Do you have any concerns about being in your brother’s shadow?

That's sort of a natural feeling when you’re an insecure kid and it made me work twice as hard at developing my own thing 100% my own way in order to get past that. Early on, I knew I had to find my own musical identity, otherwise what's the point of doing this? Chris and my mom are my greatest inspirations. They both still give me way more strength and ability than I would have otherwise. I cherish the memories of each of them. They keep me totally real and sane.

What are your thoughts about the career trajectory Trixie Whitley—Chris’ daughter—is experiencing?

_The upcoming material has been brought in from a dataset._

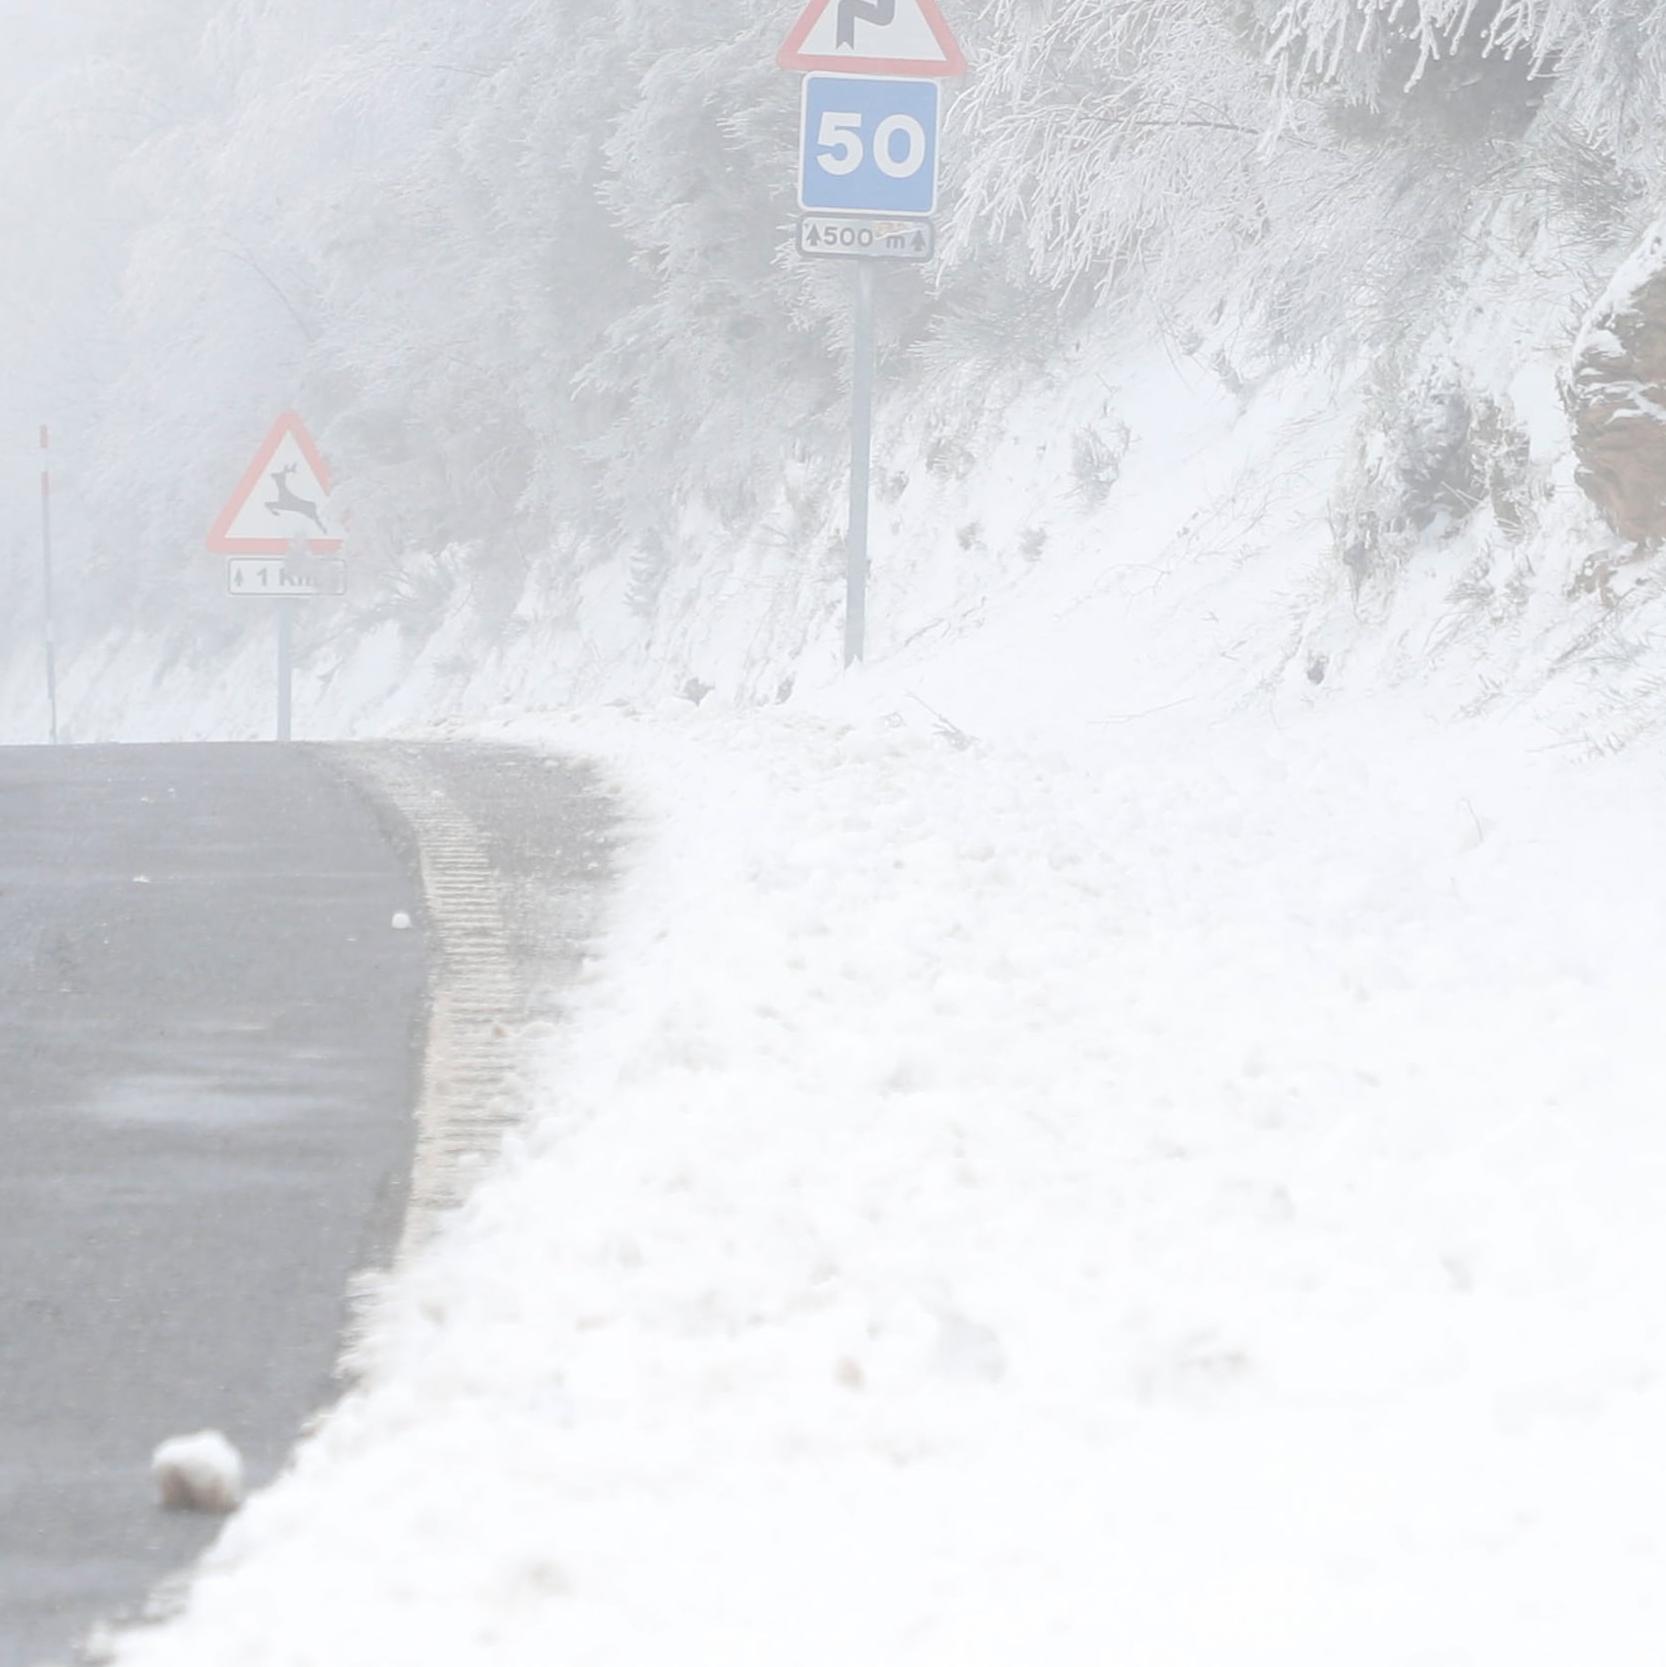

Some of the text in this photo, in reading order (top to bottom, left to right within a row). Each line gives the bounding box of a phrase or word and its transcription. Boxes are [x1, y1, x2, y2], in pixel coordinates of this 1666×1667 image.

[816, 111, 926, 179] 50
[823, 226, 906, 250] 500 m
[256, 566, 268, 587] 1

I'm so proud of my niece Trixie. She’s another huge inspiration. I'm really digging her new stuff. She's a multi-talented artist on so many levels. She’s very much a Whitley with her own individual creative thing she developed for herself. She's an absolute offshoot of Chris. He totally saw her essence and knew her potential. I so wish Chris could've seen her grow into the artist she is now. Chris would be incredibly proud of her as he was always.

What’s next for you?

I can't wait to make some more art. I'll be doing more shows supporting the Calling All Gods album and we'll be releasing the two WTD Ceremonial albums. I'm also crazy excited to be working on a couple new songs to round out my next song album. It will be heavier and more a reflection of our times. Dug Pinnick will make a guest appearance and there will be some other cool surprises as well.